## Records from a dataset
>>>>>
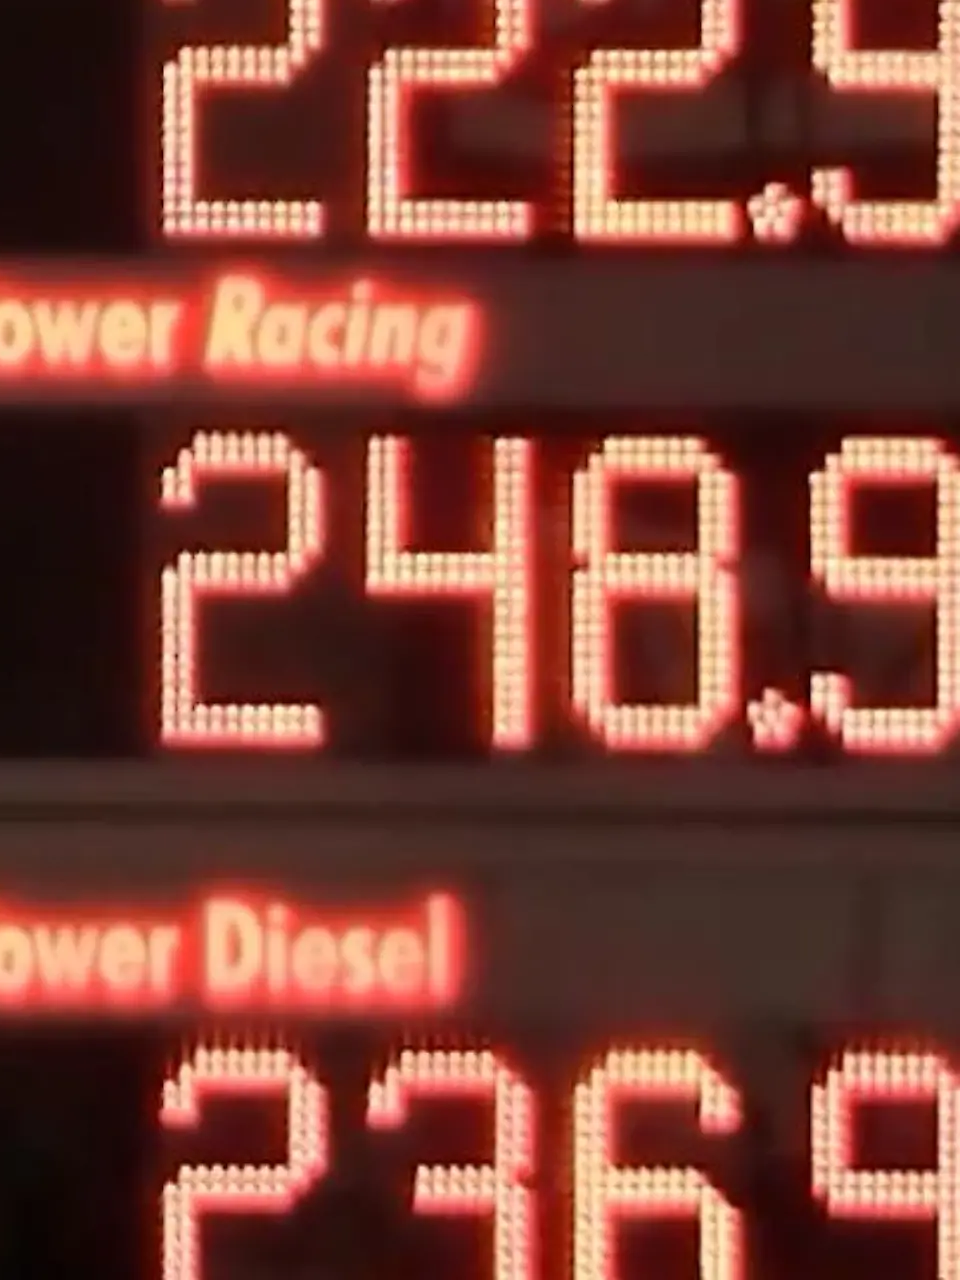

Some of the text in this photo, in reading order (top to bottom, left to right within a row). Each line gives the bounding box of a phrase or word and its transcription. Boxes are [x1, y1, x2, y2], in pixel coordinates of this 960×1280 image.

[202, 273, 472, 394] Racing
[160, 432, 960, 749] 248.9
[201, 893, 452, 998] Diesel
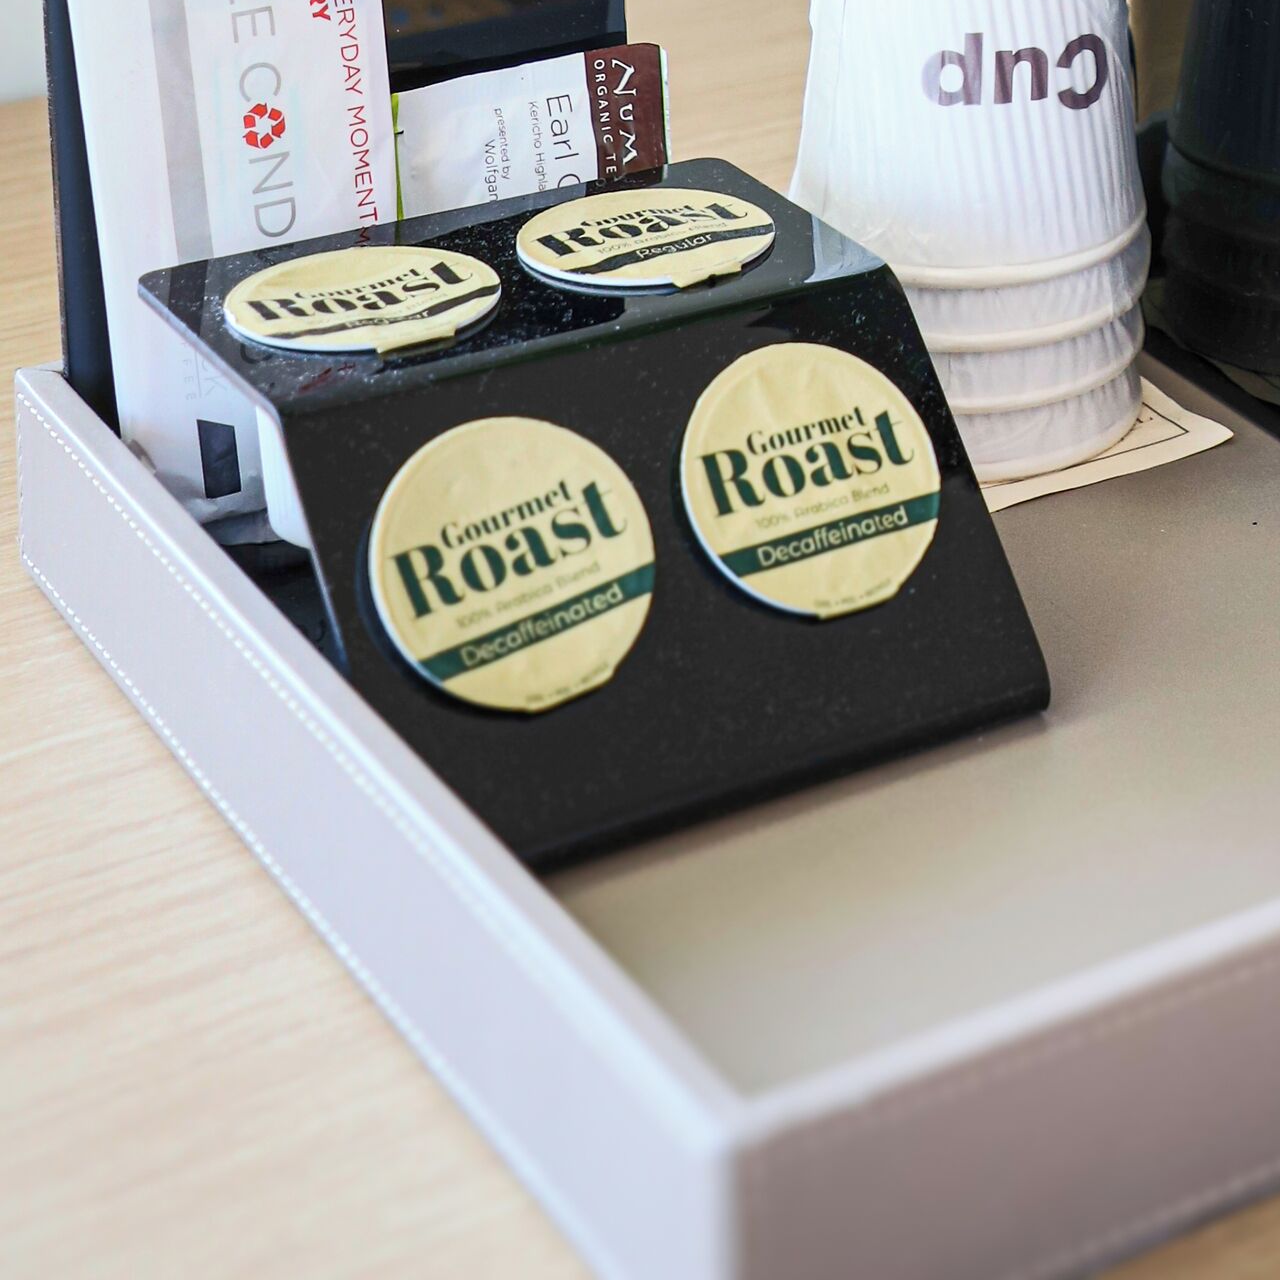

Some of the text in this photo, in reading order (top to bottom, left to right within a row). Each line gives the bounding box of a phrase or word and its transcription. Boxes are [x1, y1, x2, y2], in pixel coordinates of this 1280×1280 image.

[528, 100, 544, 149] Kericho
[546, 94, 580, 161] Earl
[592, 58, 614, 144] ORGANIC
[494, 107, 511, 180] presented by
[536, 202, 748, 257] Roast
[582, 204, 696, 229] Gourmet
[635, 233, 713, 259] Regular
[247, 260, 474, 321] Roast
[294, 268, 425, 300] Gourmet
[746, 405, 867, 457] Gourmet
[697, 408, 915, 518] Roast
[440, 479, 572, 549] Gourmet
[756, 506, 909, 567] Decaffeinated
[392, 480, 628, 619] Roast
[459, 583, 624, 667] Decaffeinated
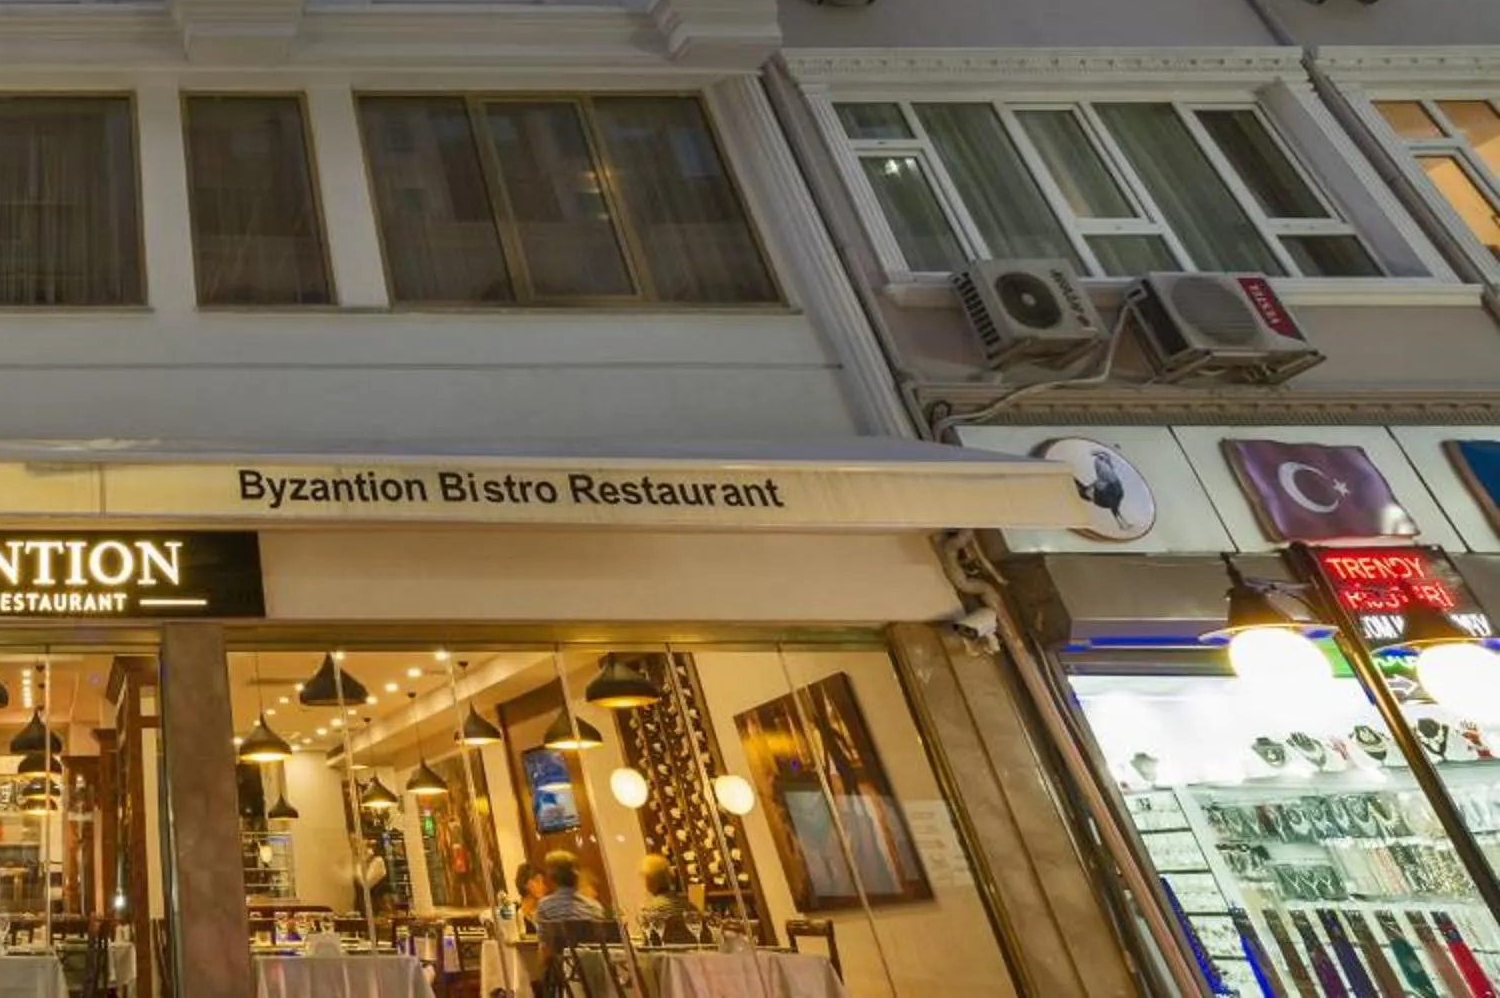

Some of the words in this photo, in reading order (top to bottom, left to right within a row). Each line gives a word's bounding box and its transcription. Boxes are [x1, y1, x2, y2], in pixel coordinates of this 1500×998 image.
<<<<<
## Problem description
Drop every image, please, and write out the data above exactly as shown.

## Your solution
Some of the text in this photo, in reading order (top to bottom, left to right within a row). Each line gives the bounding box of a phrase or word and its transcription. Boxes are [x1, y1, x2, y2], in pixel coordinates of this 960×1280 image.

[202, 273, 472, 394] Racing
[160, 432, 960, 749] 248.9
[201, 893, 452, 998] Diesel

Some of the text in this photo, in reading order (top to bottom, left to right within a row). Each line gives the bounding box of a phrase or word and its transcription. Boxes are [x1, y1, x2, y2], in pixel coordinates of this 1280×1280 image.

[528, 100, 544, 149] Kericho
[546, 94, 580, 161] Earl
[592, 58, 614, 144] ORGANIC
[494, 107, 511, 180] presented by
[536, 202, 748, 257] Roast
[582, 204, 696, 229] Gourmet
[635, 233, 713, 259] Regular
[247, 260, 474, 321] Roast
[294, 268, 425, 300] Gourmet
[746, 405, 867, 457] Gourmet
[697, 408, 915, 518] Roast
[440, 479, 572, 549] Gourmet
[756, 506, 909, 567] Decaffeinated
[392, 480, 628, 619] Roast
[459, 583, 624, 667] Decaffeinated

Some of the words in this photo, in reading order (top to bottom, left to right within a row). Each line gives a word's bounding box and its transcription. Boxes are [x1, y1, x2, y2], in pixel coordinates of this 1500×998 image.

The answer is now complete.